En septembre 2005 je suis allé dîner dans le Vieux-Montréal et c’est tout à fait par hasard que je suis tombé sur un tronçon de la rue McGill complètement en chantier. Les travaux consistaient à remplacer des tuyaux d’aqueduc je crois. Mais pour y parvenir, les ouvriers ont dû concasser tout le côté est de McGill et ce, entre Notre-Dame et la place D’Youville. Ces travaux auraient été tout ce qu’il y a de plus banal si ca n’aurait été de ce que les ouvriers ont trouvé en cassant la rue.

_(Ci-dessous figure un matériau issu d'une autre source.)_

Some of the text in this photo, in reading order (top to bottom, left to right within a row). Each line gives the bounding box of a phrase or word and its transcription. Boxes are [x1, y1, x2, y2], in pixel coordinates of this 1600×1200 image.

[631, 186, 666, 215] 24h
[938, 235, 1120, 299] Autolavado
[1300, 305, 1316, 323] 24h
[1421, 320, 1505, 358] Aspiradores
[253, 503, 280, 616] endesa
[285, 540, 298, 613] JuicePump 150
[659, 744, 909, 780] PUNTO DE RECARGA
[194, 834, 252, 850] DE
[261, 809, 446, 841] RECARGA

On peut affirmer, sans l’ombre d’un doute, que ces travaux de voirie se sont avérés plus complexes qu’initialement prévus puisque personne n’avait songé (même pendant un instant) qu’on trouverait des rails de tramway!! Imaginez la surprise des travailleurs lorsque la pelle mécanique a cogné sur ces rails… Ces travailleurs ont été les premiers surpris de cette trouvaille qui allait néanmoins ralentir les travaux. Les plus jeunes ignoraient même que des tramways avaient roulé à Montréal. Pour ces ouvriers, enlever les rails ainsi que les montants de bois n’a sûrement pas été une cinécure!
Regardons plus en détails ce qu’ils ont trouvé:

1) La couche d’asphalte actuelle (il est possible qu’il y en ait une deuxième)

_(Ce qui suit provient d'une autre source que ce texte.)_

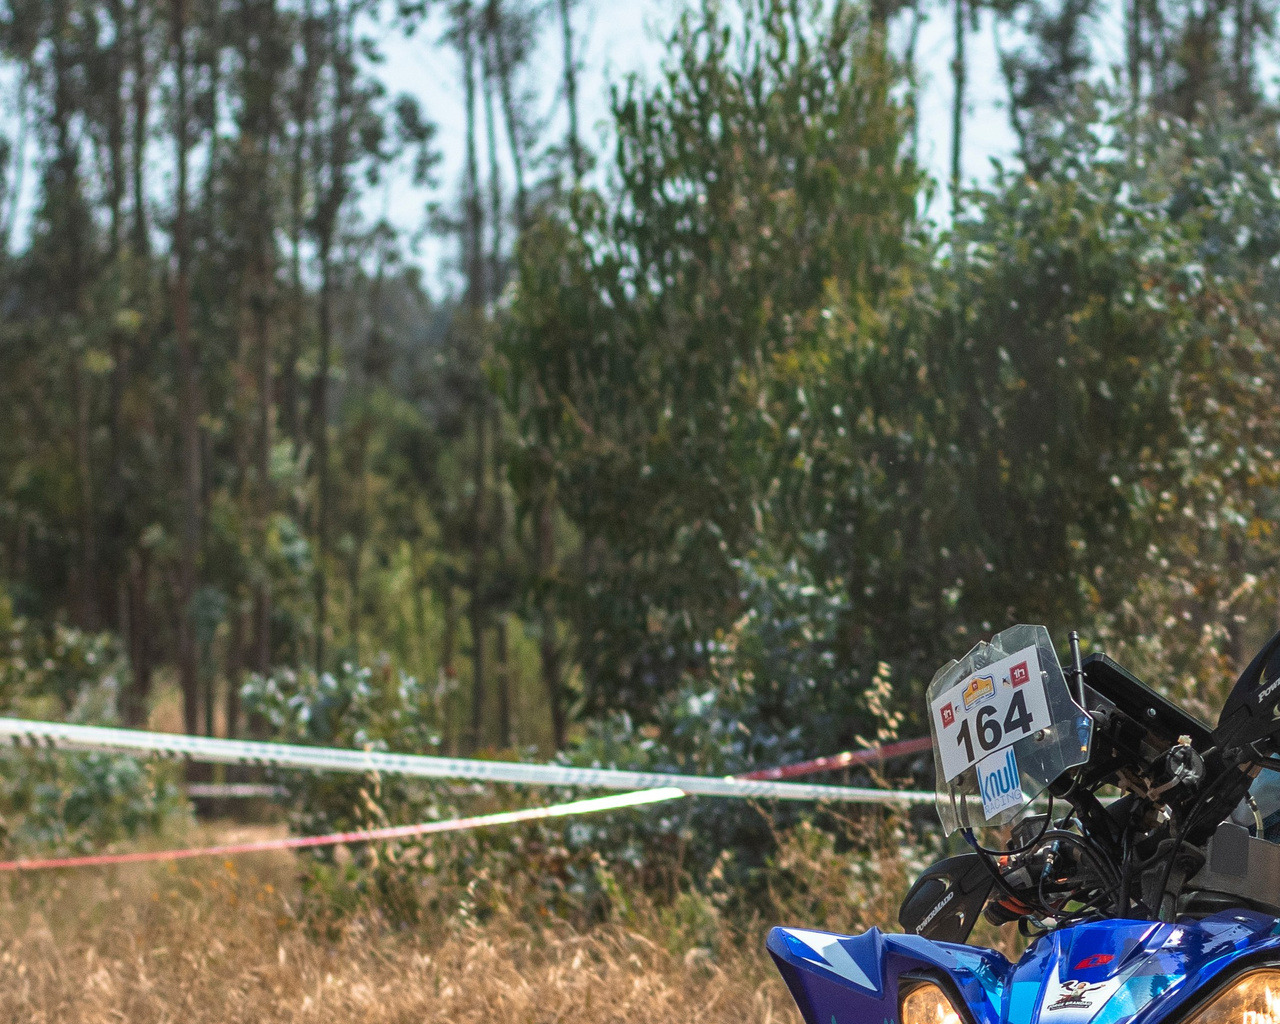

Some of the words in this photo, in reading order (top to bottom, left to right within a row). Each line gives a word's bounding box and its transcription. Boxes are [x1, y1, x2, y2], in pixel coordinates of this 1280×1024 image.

2) Les rails. Celles-ci se trouvaient sous la portion ouest de McGill.
3) Les montants de bois. Ceux-ci étaient bien placés au sol et les rails solidement fixées sur ceux-ci.
4) Le pavé-uni. Très utile autour des rails et j’explique avec l’aide de la photo ici en dessous:

J’ai trouvé cette portion de voie sur la rue d’Youville tout juste au sud de l’ancien édifice des douanes et qui fera très bien l’affaire pour les besoin de cette petite explication (comme quoi certaines de ces voies ont encore une utilité). Donc, si l’on regarde à droite des voies, on remarque le pavé-uni. Reculons maintenant au temps où des tramways circulaient sur cette voie et imaginons que ce petit bout de tronçon a besoin de certaines réparations. Les cantoniers arrivent, ôtent tout le pavé-uni nécéssaire aux travaux, effectuent lesdits travaux et ensuite replacent le pavé-uni. Ni vu ni connu et aucun besoin de casser de l’asphalte. Ingénieux, non?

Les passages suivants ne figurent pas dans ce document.